▸ YOUR OBJECTIVE
Without including any pictures, write out all the entries exactly.
==== DATA FOR THIS TASK
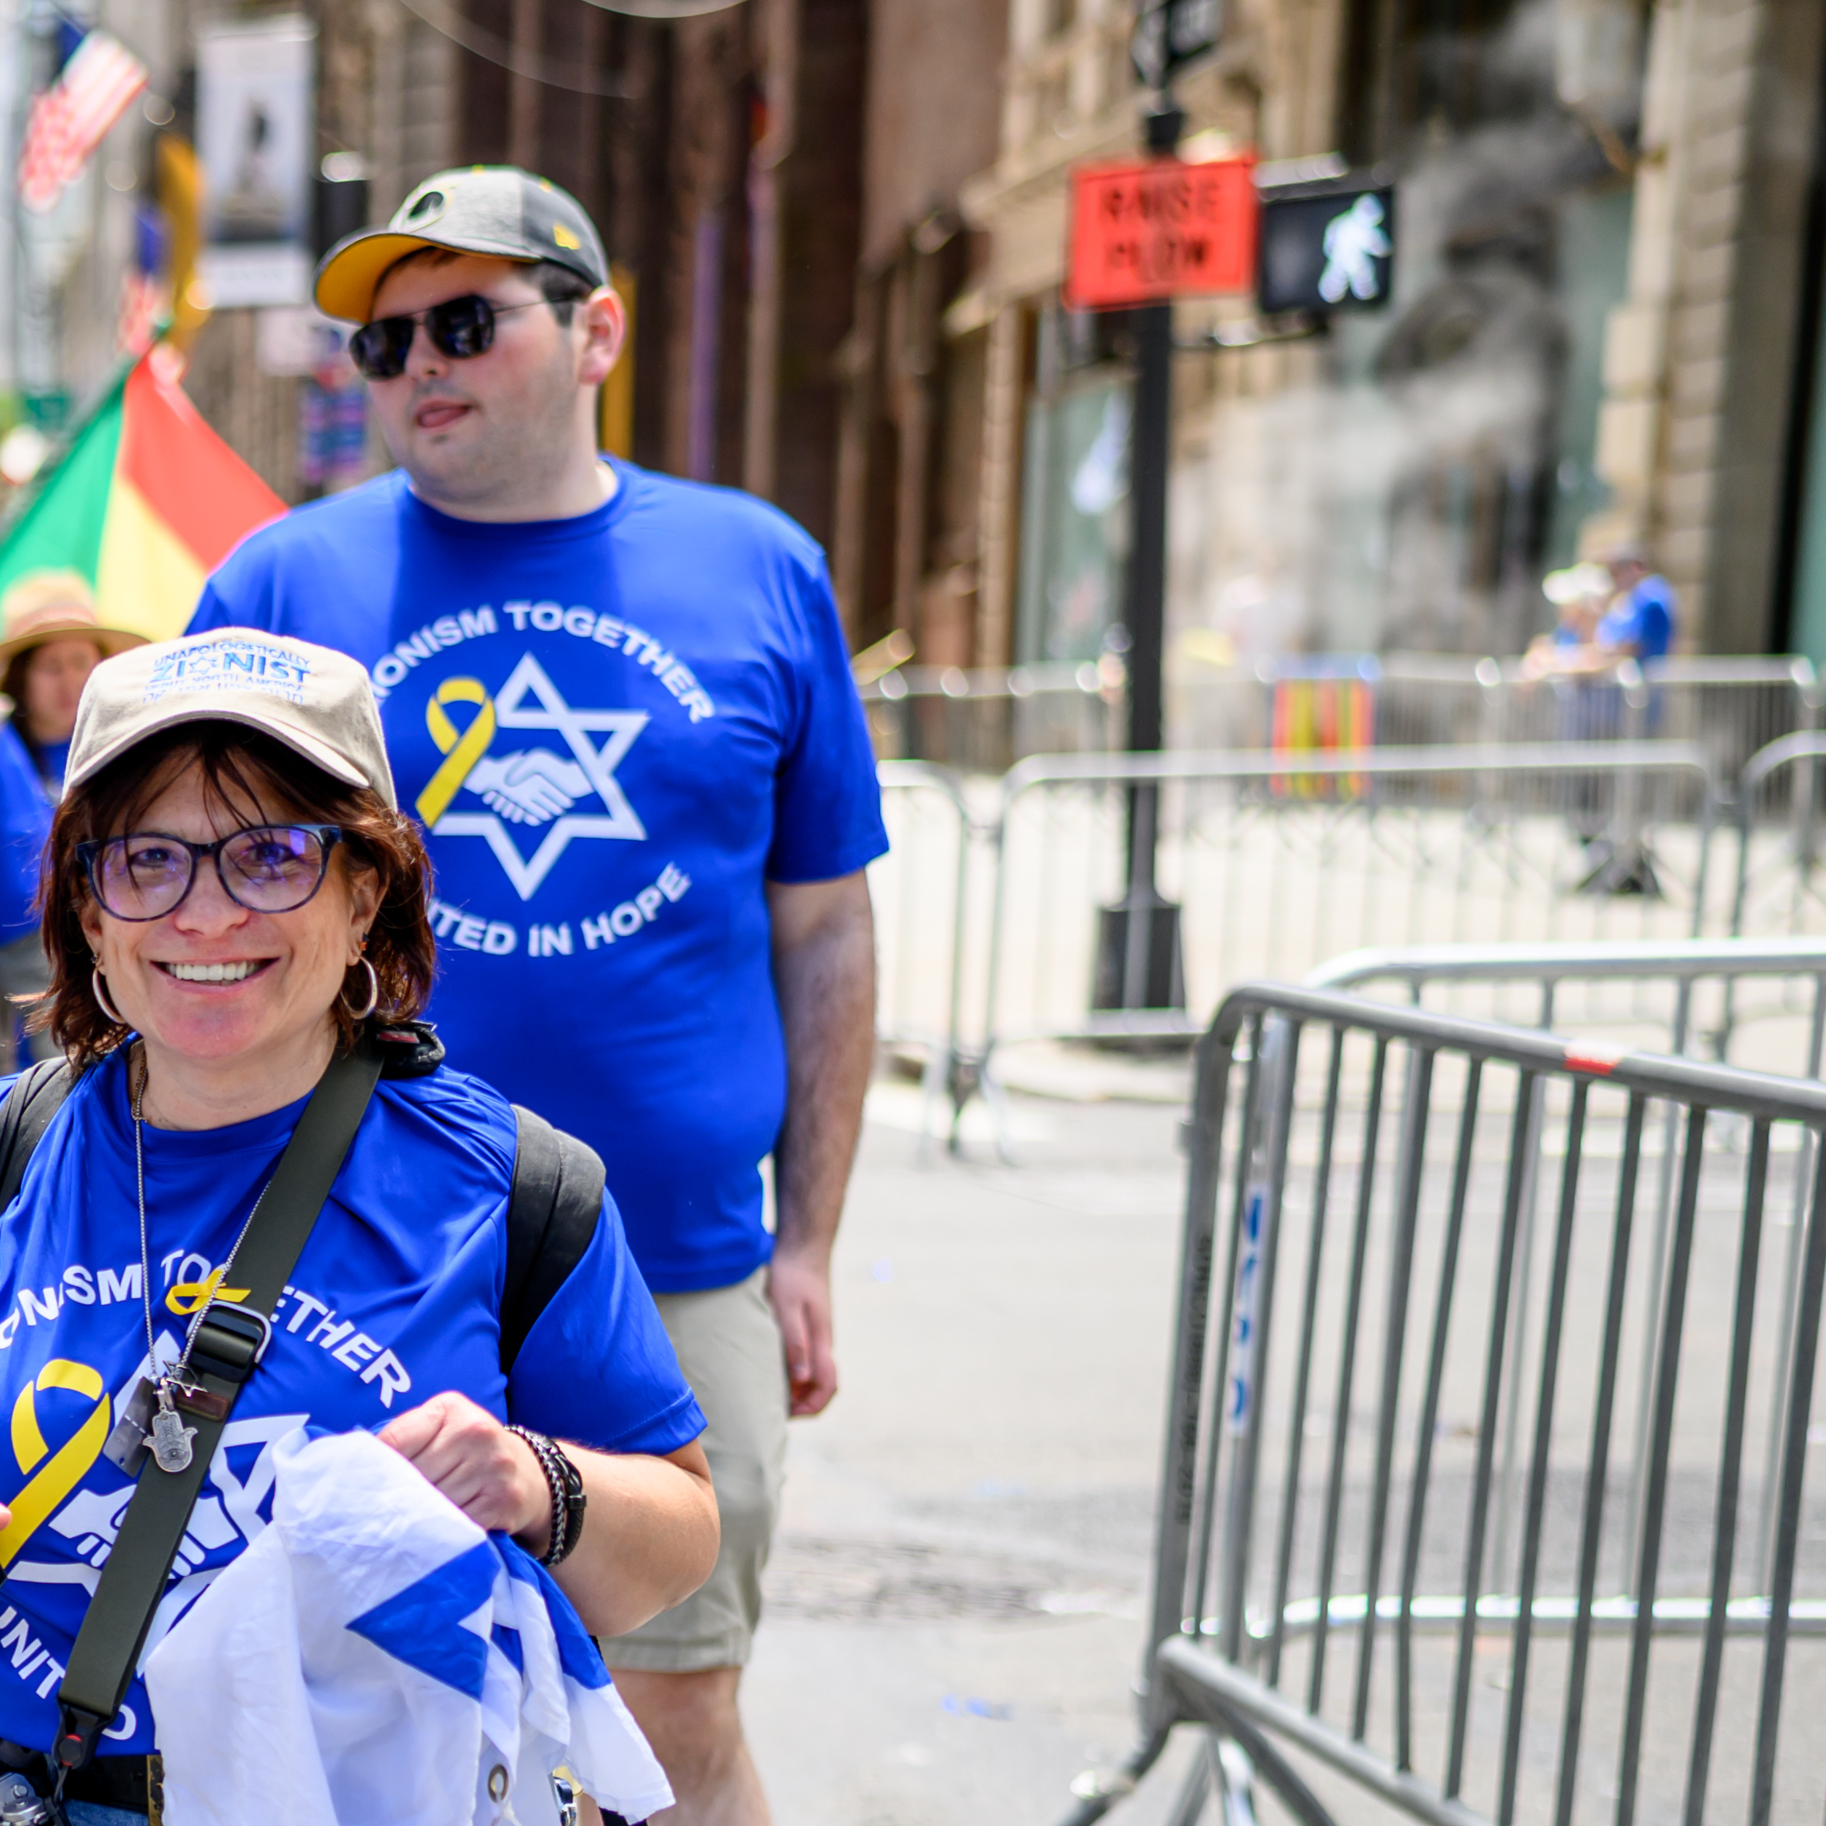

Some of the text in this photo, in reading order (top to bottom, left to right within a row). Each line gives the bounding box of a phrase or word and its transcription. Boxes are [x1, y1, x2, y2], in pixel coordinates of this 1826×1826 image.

[154, 639, 310, 667] UNAPOLOGETICALLY
[246, 676, 303, 692] AMERICA
[371, 598, 715, 724] IONISM TOGETHER
[427, 861, 693, 958] ITED IN HOPE
========
▸ YOUR SOLUTION
Some of the text in this photo, in reading order (top to bottom, left to right within a row). Each line gives the bounding box of a phrase or word and its transcription. Boxes are [x1, y1, x2, y2], in pixel coordinates of this 1826×1826 image.

[154, 639, 310, 667] UNAPOLOGETICALLY
[246, 676, 303, 692] AMERICA
[371, 598, 715, 724] IONISM TOGETHER
[427, 861, 693, 958] ITED IN HOPE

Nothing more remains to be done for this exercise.